Provided information:
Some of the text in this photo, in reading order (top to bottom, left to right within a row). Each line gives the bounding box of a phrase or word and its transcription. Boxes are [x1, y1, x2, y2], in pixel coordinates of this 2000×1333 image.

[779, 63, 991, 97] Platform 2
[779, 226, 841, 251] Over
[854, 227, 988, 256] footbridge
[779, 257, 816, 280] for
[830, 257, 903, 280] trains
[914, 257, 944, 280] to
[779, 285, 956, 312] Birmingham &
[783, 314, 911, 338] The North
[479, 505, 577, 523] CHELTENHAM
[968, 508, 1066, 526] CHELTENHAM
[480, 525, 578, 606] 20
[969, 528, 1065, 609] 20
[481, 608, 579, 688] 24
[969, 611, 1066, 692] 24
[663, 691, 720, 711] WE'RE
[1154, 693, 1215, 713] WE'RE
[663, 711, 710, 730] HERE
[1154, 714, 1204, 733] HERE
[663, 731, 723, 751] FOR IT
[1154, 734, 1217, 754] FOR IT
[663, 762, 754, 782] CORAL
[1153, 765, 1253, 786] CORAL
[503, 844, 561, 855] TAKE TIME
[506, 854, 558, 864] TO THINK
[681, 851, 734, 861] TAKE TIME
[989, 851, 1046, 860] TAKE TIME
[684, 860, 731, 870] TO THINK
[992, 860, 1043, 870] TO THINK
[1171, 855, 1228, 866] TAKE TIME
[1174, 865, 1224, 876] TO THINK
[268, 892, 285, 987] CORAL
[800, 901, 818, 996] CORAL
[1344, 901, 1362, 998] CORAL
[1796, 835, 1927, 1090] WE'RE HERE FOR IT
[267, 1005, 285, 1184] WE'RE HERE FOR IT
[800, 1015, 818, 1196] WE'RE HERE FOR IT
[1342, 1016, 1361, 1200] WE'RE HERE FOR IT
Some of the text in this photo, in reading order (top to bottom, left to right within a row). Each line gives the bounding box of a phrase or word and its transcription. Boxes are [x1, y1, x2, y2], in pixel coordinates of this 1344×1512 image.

Task description: Would it be possible to set down the full listing again, character for character?

Expected answer:
Some of the text in this photo, in reading order (top to bottom, left to right within a row). Each line gives the bounding box of a phrase or word and its transcription. Boxes are [x1, y1, x2, y2], in pixel coordinates of this 2000×1333 image.

[779, 63, 991, 97] Platform 2
[779, 226, 841, 251] Over
[854, 227, 988, 256] footbridge
[779, 257, 816, 280] for
[830, 257, 903, 280] trains
[914, 257, 944, 280] to
[779, 285, 956, 312] Birmingham &
[783, 314, 911, 338] The North
[479, 505, 577, 523] CHELTENHAM
[968, 508, 1066, 526] CHELTENHAM
[480, 525, 578, 606] 20
[969, 528, 1065, 609] 20
[481, 608, 579, 688] 24
[969, 611, 1066, 692] 24
[663, 691, 720, 711] WE'RE
[1154, 693, 1215, 713] WE'RE
[663, 711, 710, 730] HERE
[1154, 714, 1204, 733] HERE
[663, 731, 723, 751] FOR IT
[1154, 734, 1217, 754] FOR IT
[663, 762, 754, 782] CORAL
[1153, 765, 1253, 786] CORAL
[503, 844, 561, 855] TAKE TIME
[506, 854, 558, 864] TO THINK
[681, 851, 734, 861] TAKE TIME
[989, 851, 1046, 860] TAKE TIME
[684, 860, 731, 870] TO THINK
[992, 860, 1043, 870] TO THINK
[1171, 855, 1228, 866] TAKE TIME
[1174, 865, 1224, 876] TO THINK
[268, 892, 285, 987] CORAL
[800, 901, 818, 996] CORAL
[1344, 901, 1362, 998] CORAL
[1796, 835, 1927, 1090] WE'RE HERE FOR IT
[267, 1005, 285, 1184] WE'RE HERE FOR IT
[800, 1015, 818, 1196] WE'RE HERE FOR IT
[1342, 1016, 1361, 1200] WE'RE HERE FOR IT
Some of the text in this photo, in reading order (top to bottom, left to right within a row). Each line gives the bounding box of a phrase or word and its transcription. Boxes are [x1, y1, x2, y2], in pixel coordinates of this 1344×1512 image.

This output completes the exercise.